1905 fut écrit en 1905-1909 à Vienne et parut pour la première fois à Dresde. Il fut republié en 1922 en Russe, à partir de la traduction allemande et du manuscrit original.


1905

Léon Trotsky

LE MOUJIK SE REVOLTE


C'est dans les villes que se déroulaient les événements décisifs de la révolution. Mais les campagnes ne gardaient pas un silence passif. Elles s'agitaient bruyamment, elles se soulevaient lourdement et trébuchaient comme au sortir du sommeil. Et, dès qu'elle aperçut ces premiers signes d'agitation, la classe dirigeante frémit tout entière.

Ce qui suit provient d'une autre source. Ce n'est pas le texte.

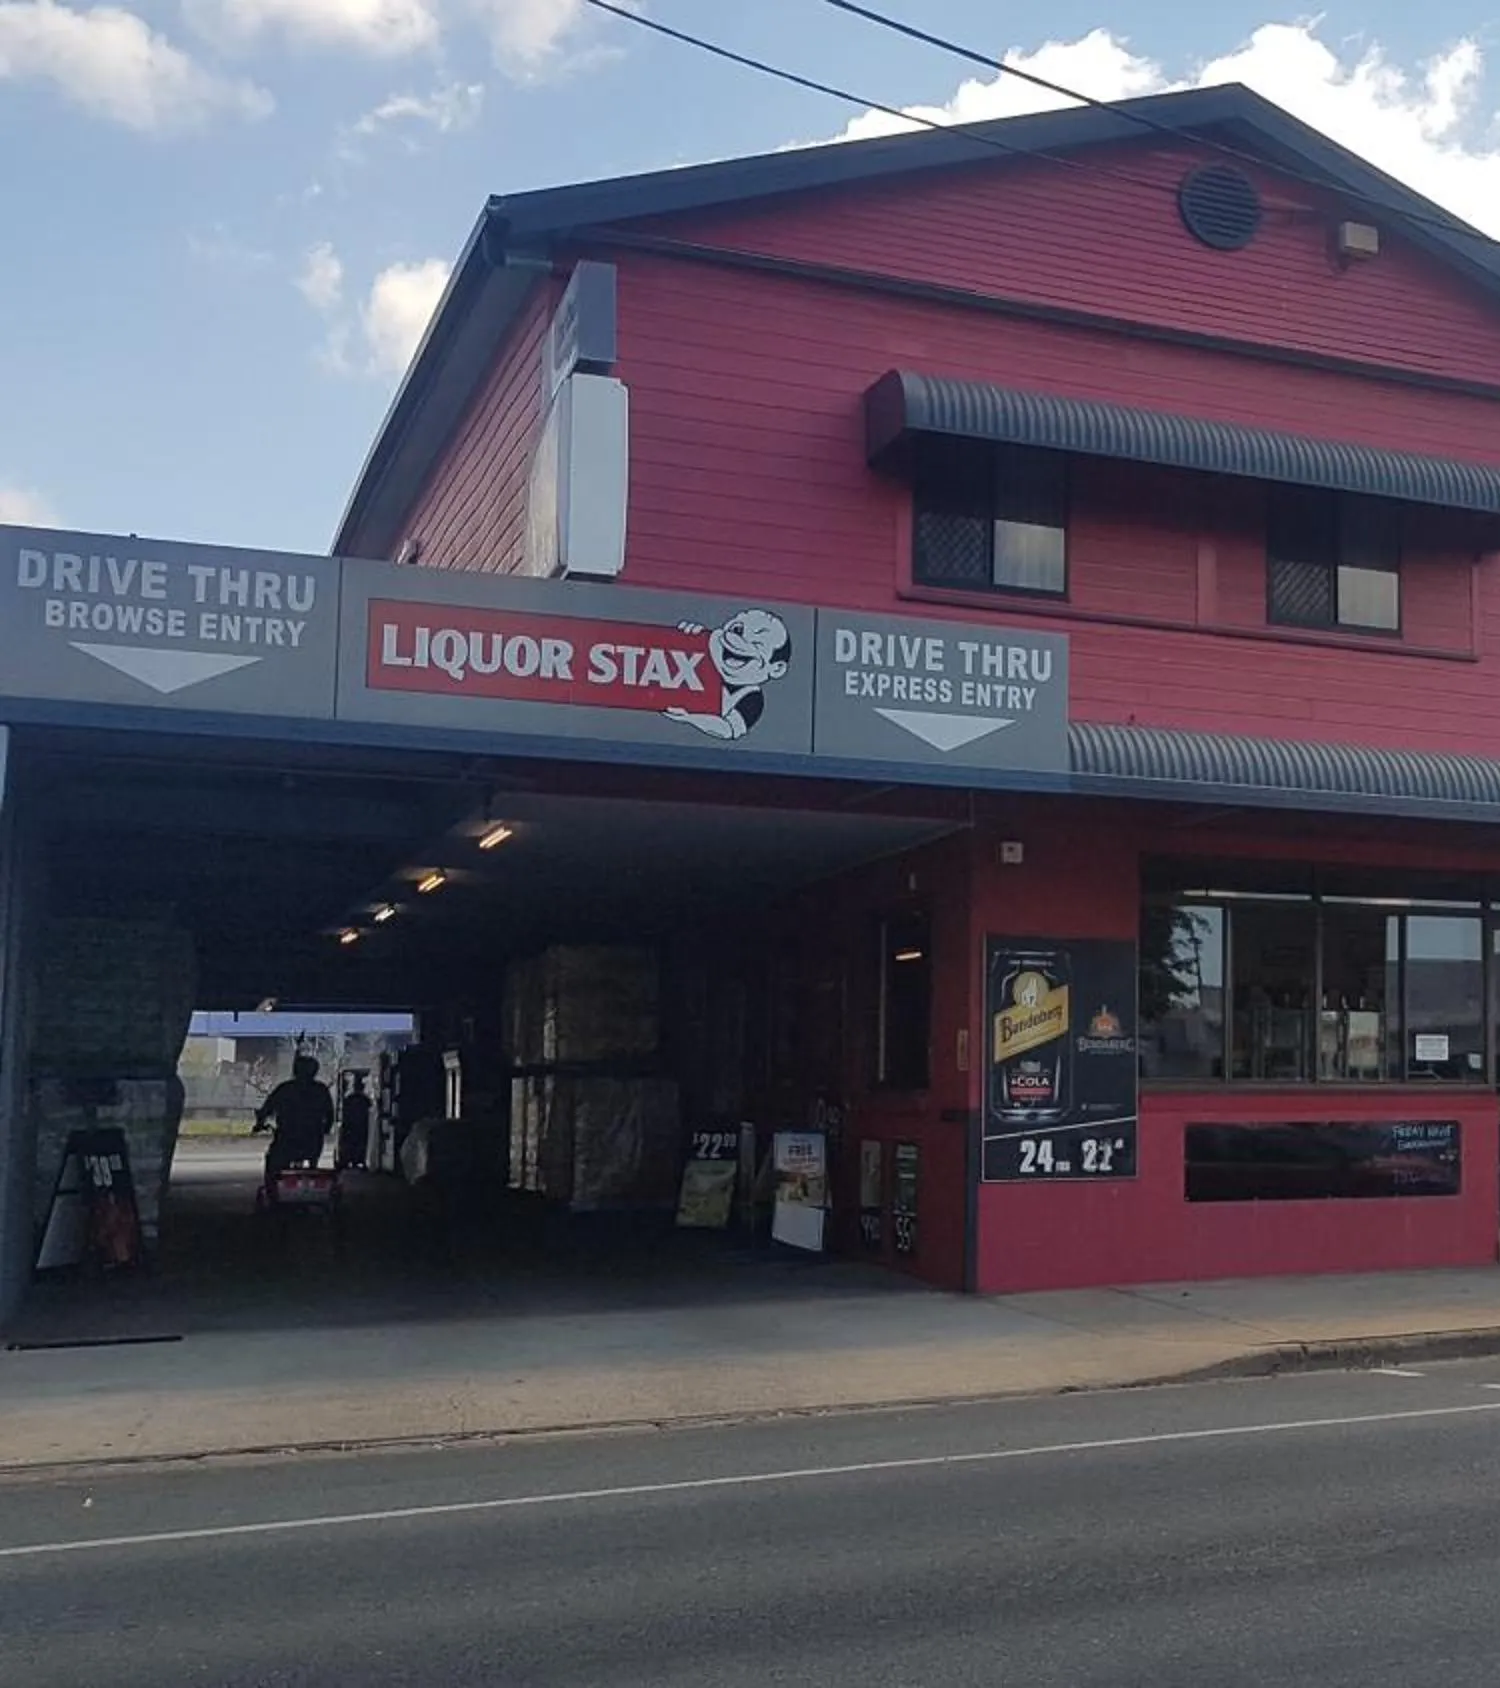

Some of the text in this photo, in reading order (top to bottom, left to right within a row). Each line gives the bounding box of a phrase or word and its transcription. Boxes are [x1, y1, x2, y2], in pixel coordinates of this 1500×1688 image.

[17, 548, 316, 612] DRIVE THRU
[45, 599, 306, 647] BROWSE ENTRY
[382, 623, 704, 691] LIQUOR STAX
[835, 629, 1052, 682] DRIVE THRU
[845, 670, 1036, 711] EXPRESS ENTRY
[1019, 1139, 1054, 1173] 24
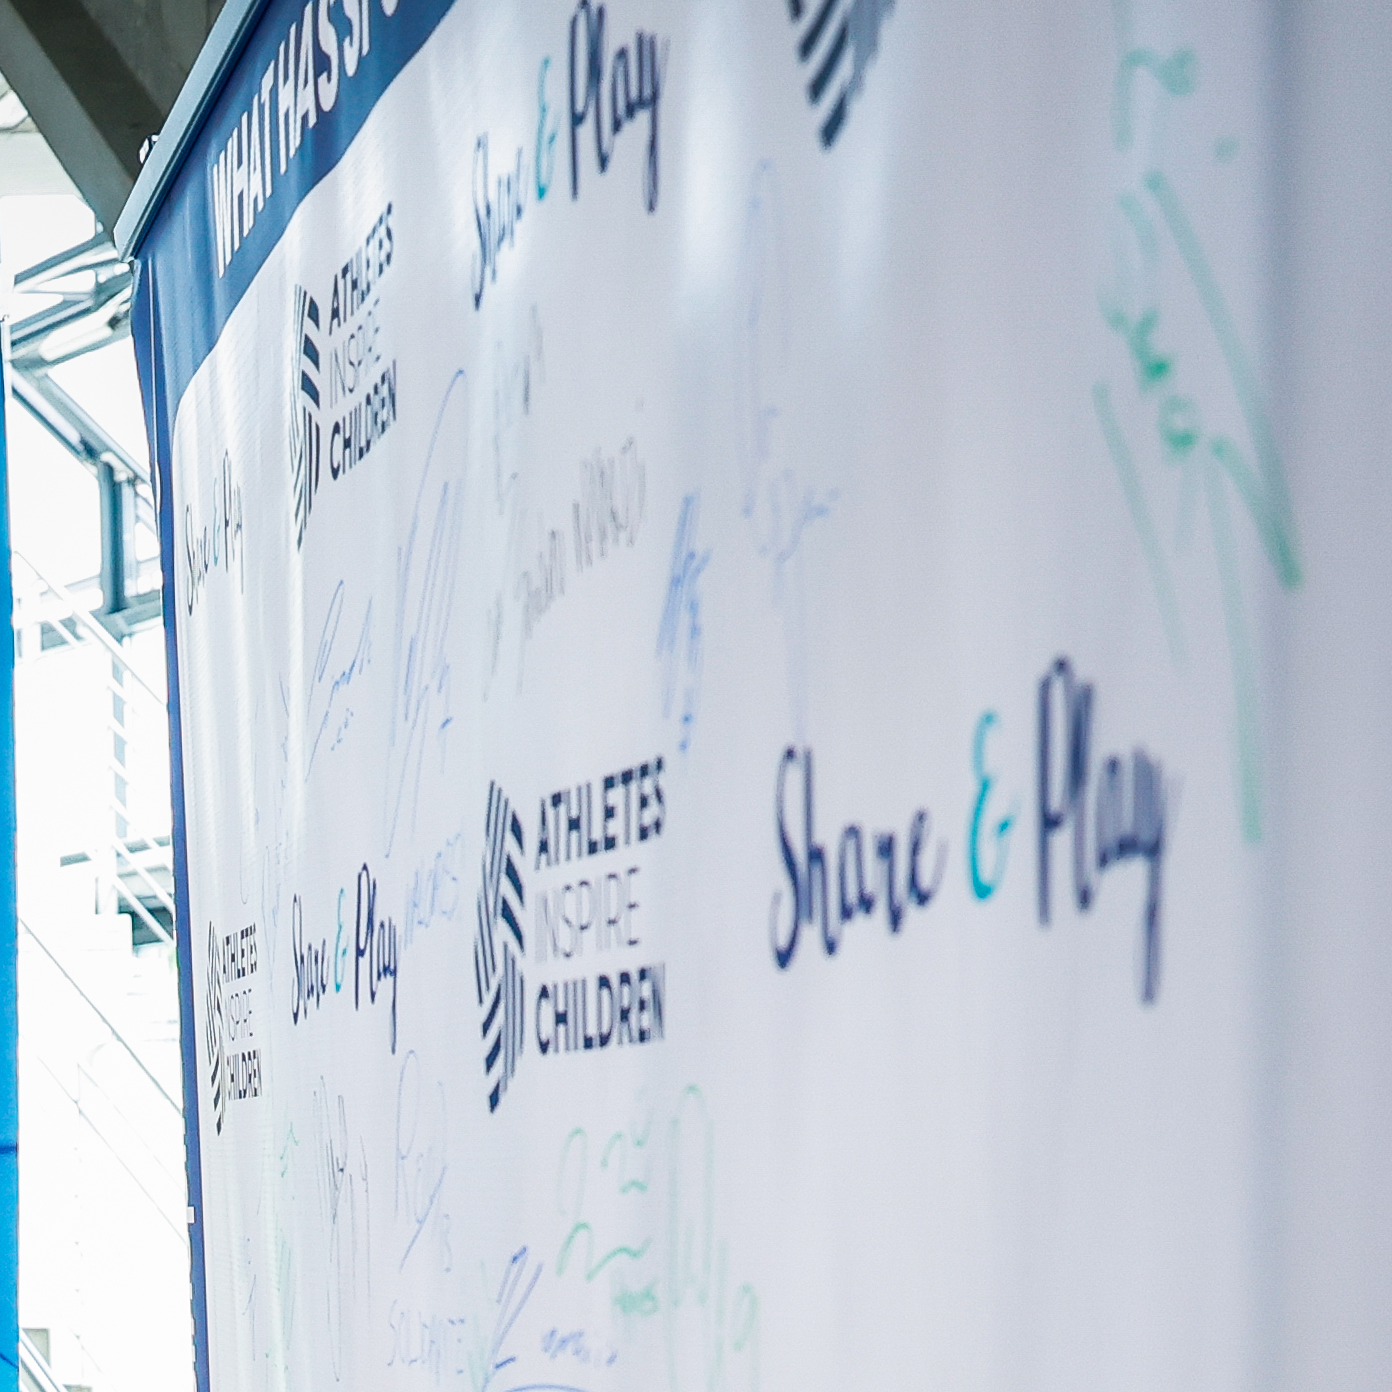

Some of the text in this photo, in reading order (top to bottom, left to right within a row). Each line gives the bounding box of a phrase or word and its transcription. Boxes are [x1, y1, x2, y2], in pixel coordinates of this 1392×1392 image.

[212, 0, 339, 279] WHAT HAS
[567, 0, 668, 214] Play
[328, 202, 395, 335] ATHLETES
[329, 359, 397, 482] CHILDREN
[534, 755, 666, 870] ATHLETES
[770, 655, 1185, 1005] Share & Play
[222, 922, 259, 985] ATHLETES
[291, 894, 329, 1026] Share
[355, 862, 400, 1055] Play
[536, 866, 641, 963] INSPIRE
[535, 963, 666, 1055] CHILDREN
[226, 1048, 262, 1101] CHILDREN
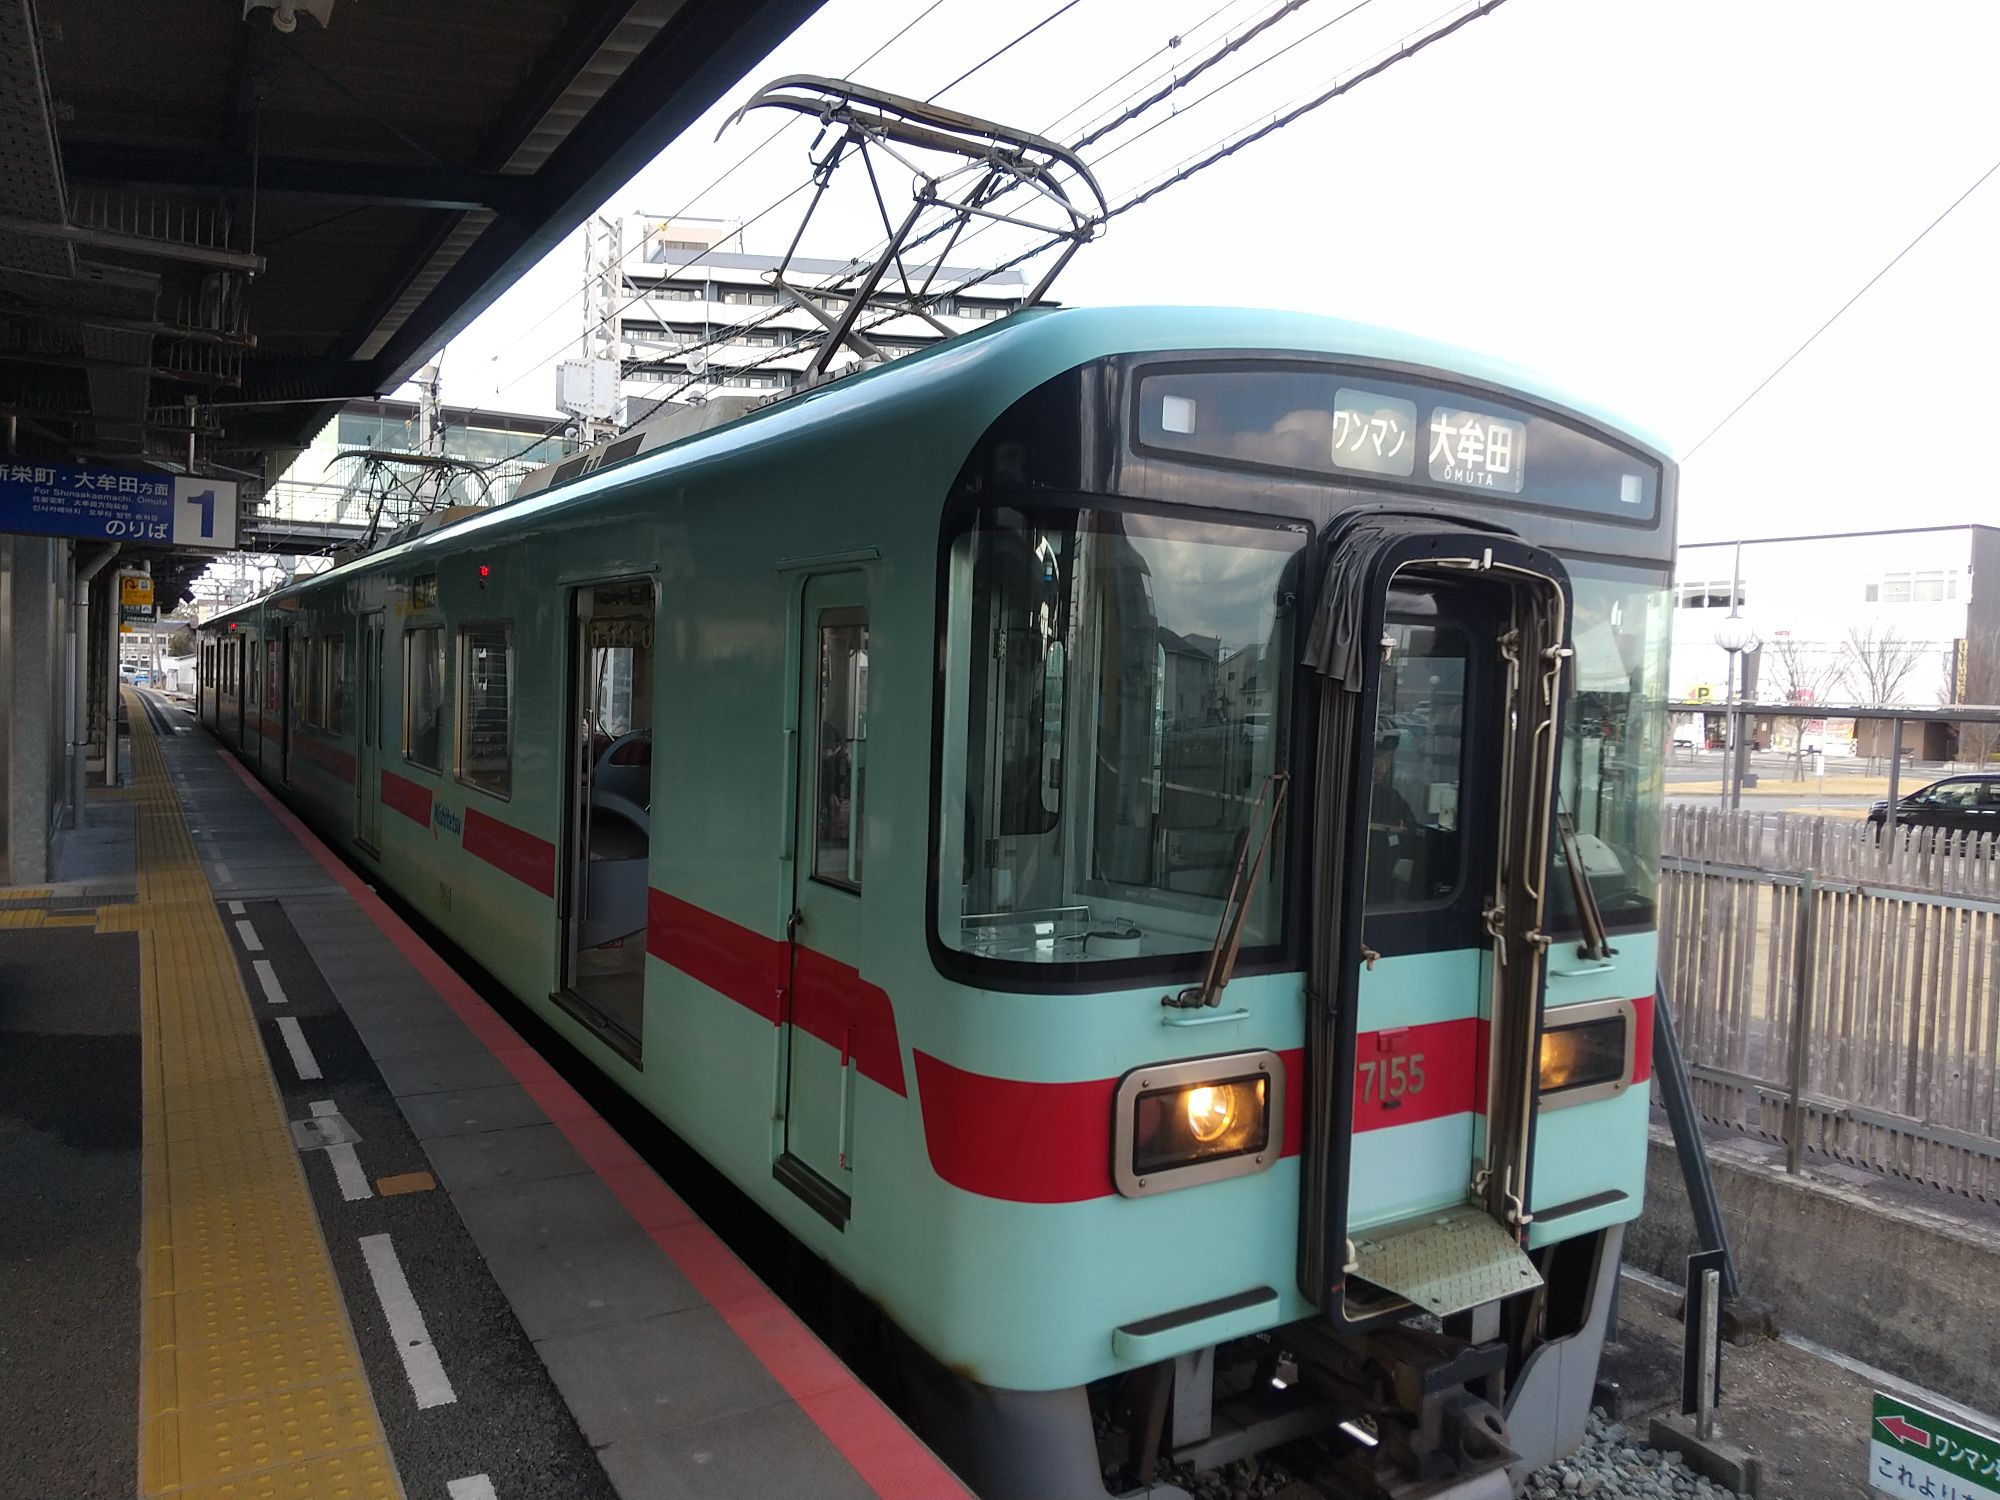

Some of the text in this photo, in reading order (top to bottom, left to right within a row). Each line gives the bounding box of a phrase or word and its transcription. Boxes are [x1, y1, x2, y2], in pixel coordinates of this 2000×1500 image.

[1334, 411, 1512, 474] ワンマン 大牟田
[34, 487, 50, 495] For
[106, 520, 168, 539] のりば
[187, 490, 215, 538] 1
[1698, 687, 1710, 700] P
[1359, 1053, 1424, 1104] 7155

Pendant les deux ou trois dernières années qui avaient précédé la révolution, les rapports entre paysans et propriétaires étaient devenus fort difficiles. Les “malentendus” se multipliaient. A dater du printemps de 1905, l'effervescence dans les campagnes devient une menace ; elle se manifeste sous des aspects variés dans les diverses régions du pays. Schématiquement, on peut signaler trois foyers de “révolution” paysanne :
1°) le Nord, qui se distingue par un développement considérable de l'industrie de fabrication ;
2°) le Sud‑Est, relativement riche en terres ;
3°) le Centre, où la terre manque, situation qui s'aggrave encore du fait de l'état pitoyable où végète l'industrie.
A son tour, le mouvement paysan élabore quatre procédés de lutte oui lui sont propres : mainmise sur les terres des propriétaires, accompagnée de l'expulsion des maîtres et de la destruction des manoirs, dans le but d'assurer au village une plus large utilisation des terres ; mainmise sur les blés, le bétail, les foins et coupe des forêts dans le but de ravitailler immédiatement le village affamé et nécessiteux ; grève et boycottage ayant pour objet d'obtenir soit une diminution du fermage, soit un relèvement des salaires, et enfin refus de fournir des recrues à l'armée, de payer les impôts et, les dettes. Diversement combinés, ces procédés de lutte se propagèrent dans tout le pays, s'adaptant aux conditions économiques de chaque région. Le mouvement paysan fut particulièrement violent dans le Centre misérable. La dévastation passa dans ces provinces comme un cyclone. Dans le Midi, on recourut principalement aux grèves et au boycottage des domaines. Enfin, dans le Nord, où le mouvement fut le plus faible, on songea surtout à couper du bois de chauffage. Les paysans refusèrent de reconnaître les pouvoirs administratifs et de payer les impôts partout où la révolte économique prenait un caractère politique radical. En tout cas, le mouvement agraire ne gagna les masses profondes qu'après la grève d'octobre.

Voyons de plus près comment le moujik accède à la révolution.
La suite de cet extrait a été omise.